PROBLEM DETAILS: What you give back must match the records below exactly, apart from the pictures, which are omitted.

(RECORDED DATA Opens)

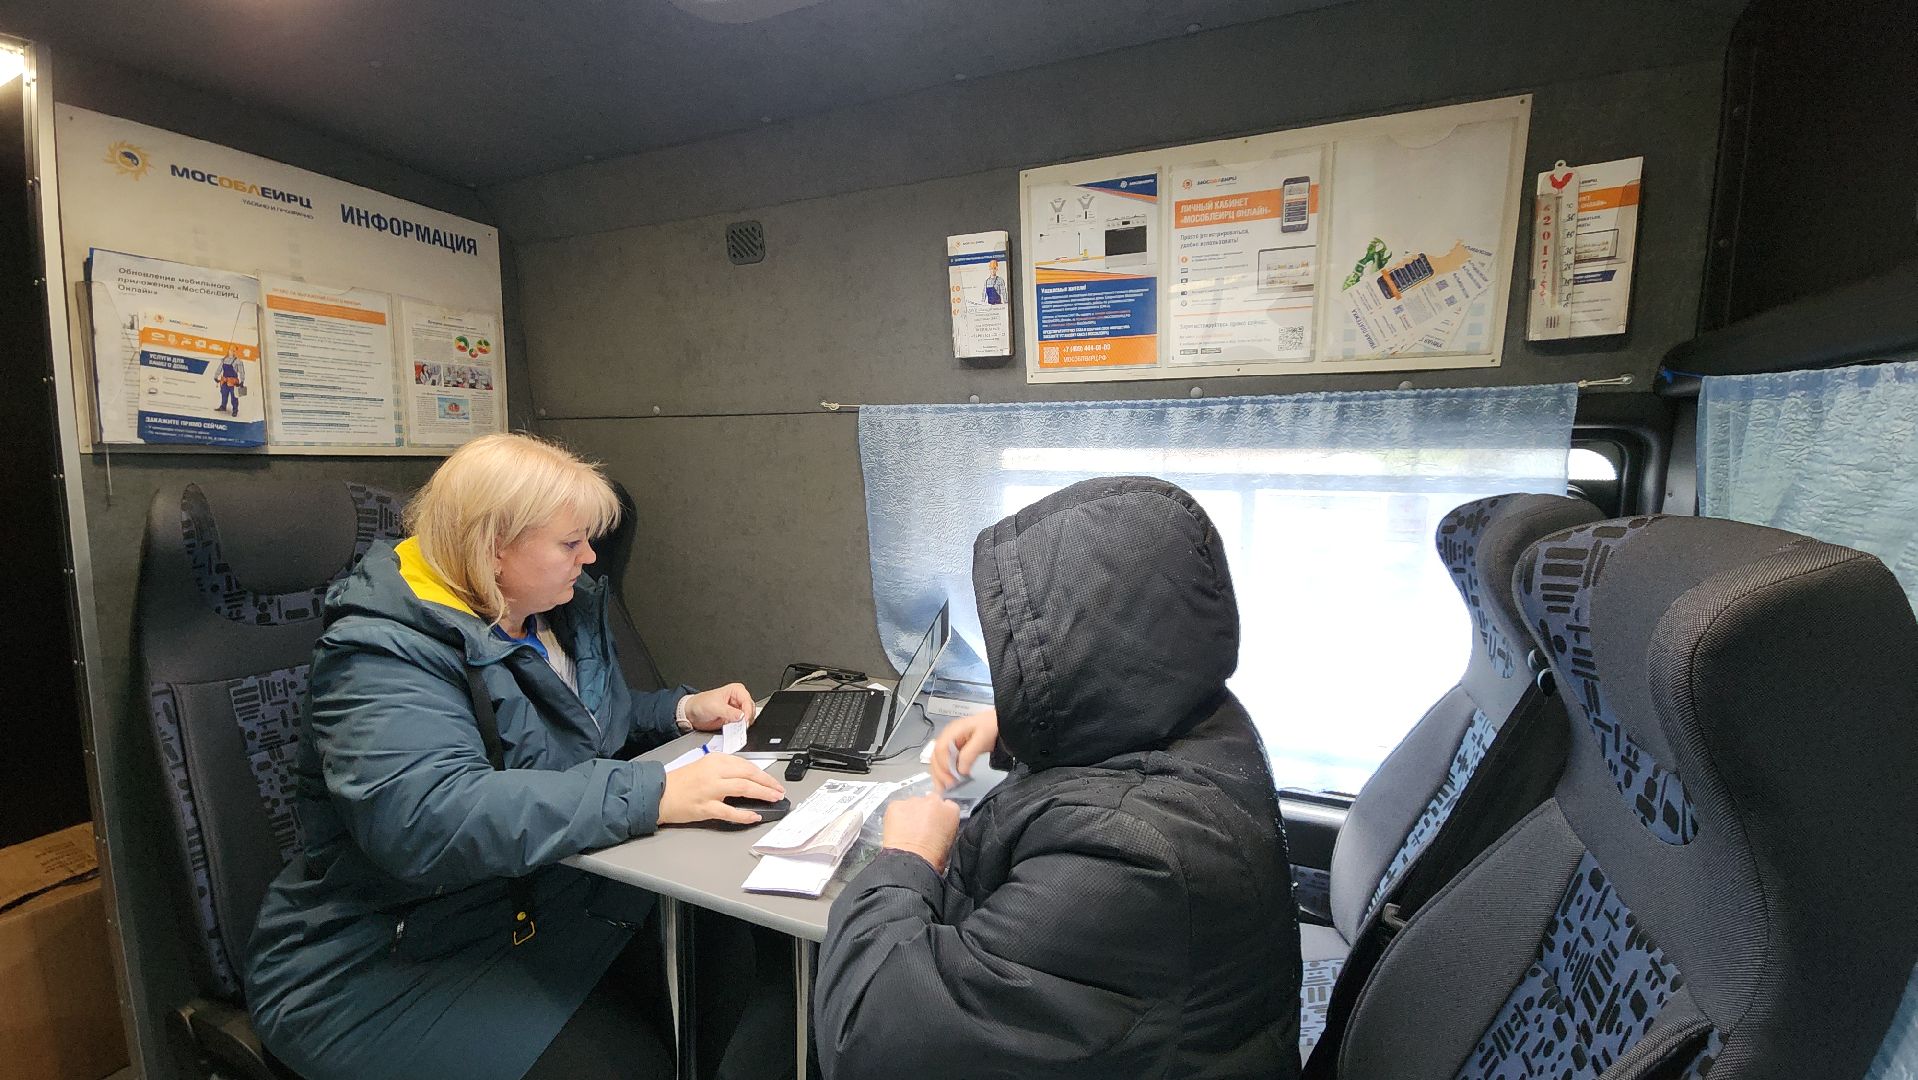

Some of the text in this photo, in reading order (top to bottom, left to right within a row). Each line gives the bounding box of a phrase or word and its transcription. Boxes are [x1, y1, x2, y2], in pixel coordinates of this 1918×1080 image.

[170, 164, 312, 209] МОСОБЛЕИРЦ
[1181, 197, 1248, 213] ЛИЧНЫЙ КАБИНЕТ
[340, 203, 478, 256] ИНФОРМАЦИЯ
[117, 277, 175, 290] приложения
[118, 267, 231, 291] Обновление мобильного
[117, 284, 158, 295] Онлайн»
[149, 353, 185, 364] УСЛУГИ ДЛЯ
[149, 360, 189, 371] ВАШЕГО ДОМА
[145, 416, 228, 431] ЗАКАЖИТЕ ПРЯМО СЕЙЧАС:
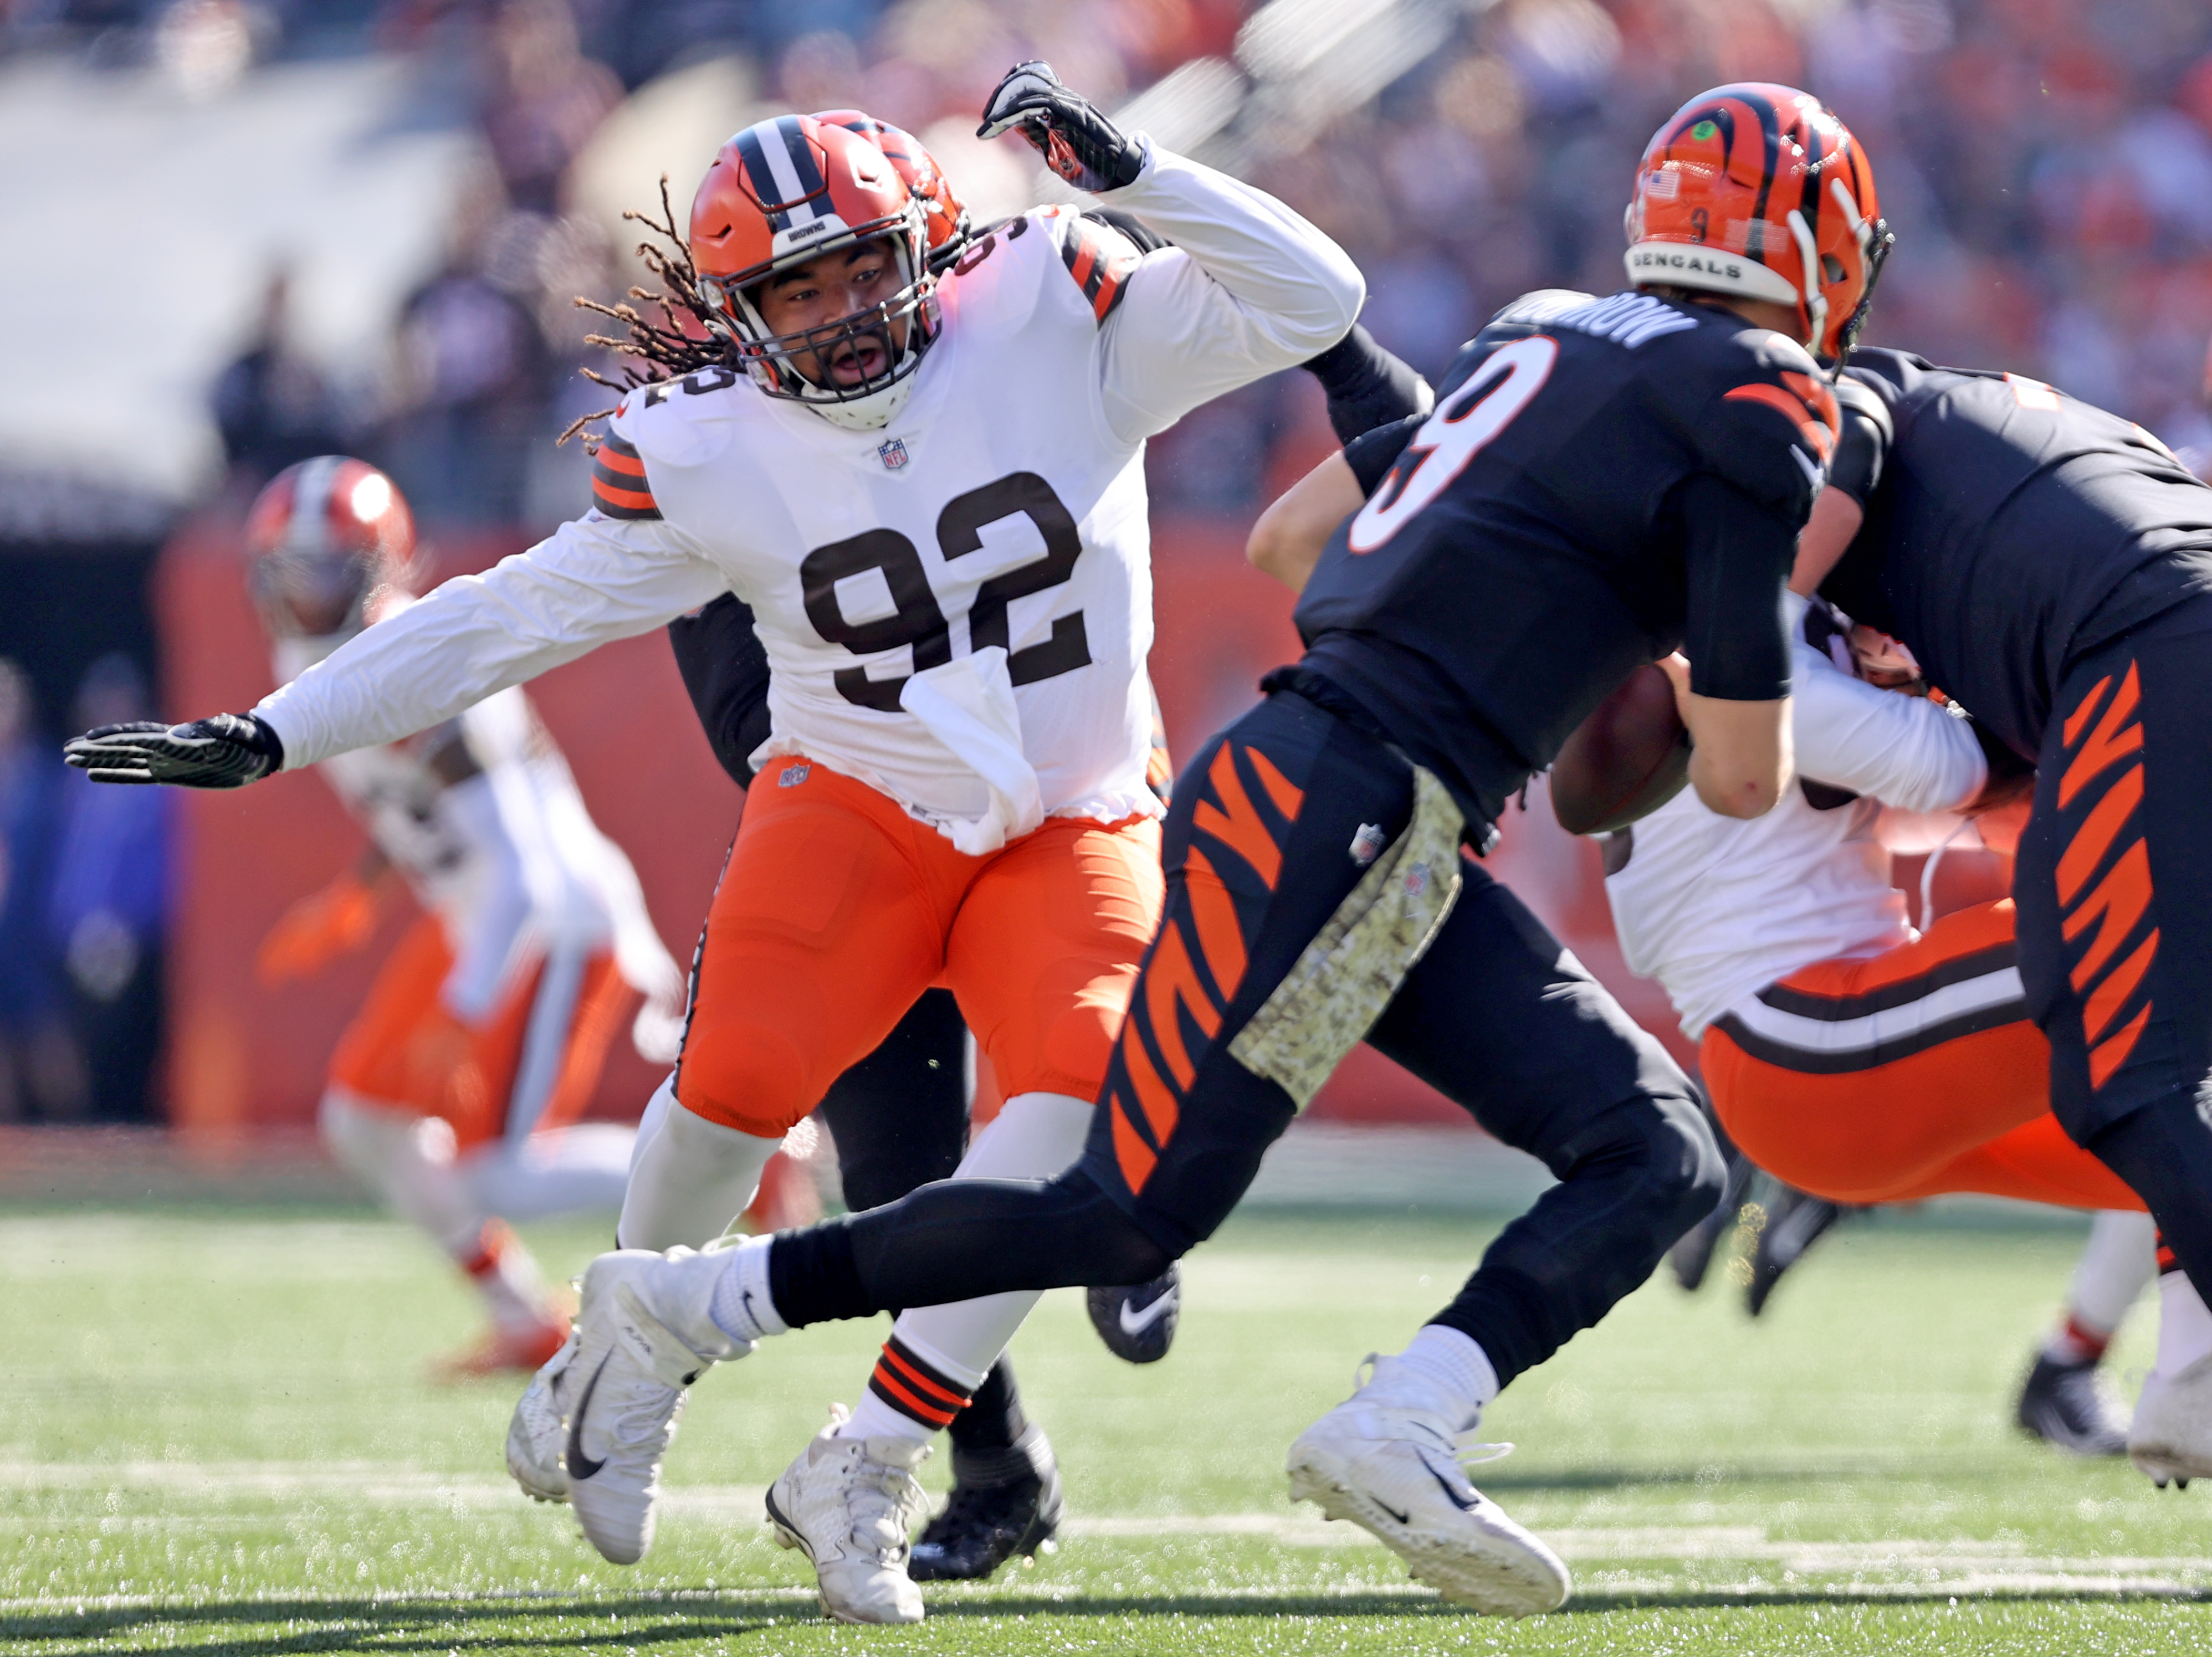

(RECORDED DATA Closes)

REPLY TO THE EXERCISE:
Some of the text in this photo, in reading order (top to bottom, left to right within a row). Each line gives the bounding box of a phrase or word and its transcription. Boxes are [x1, y1, x2, y2], in pixel coordinates of this 1918×1080 image.

[170, 164, 312, 209] МОСОБЛЕИРЦ
[1181, 197, 1248, 213] ЛИЧНЫЙ КАБИНЕТ
[340, 203, 478, 256] ИНФОРМАЦИЯ
[117, 277, 175, 290] приложения
[118, 267, 231, 291] Обновление мобильного
[117, 284, 158, 295] Онлайн»
[149, 353, 185, 364] УСЛУГИ ДЛЯ
[149, 360, 189, 371] ВАШЕГО ДОМА
[145, 416, 228, 431] ЗАКАЖИТЕ ПРЯМО СЕЙЧАС:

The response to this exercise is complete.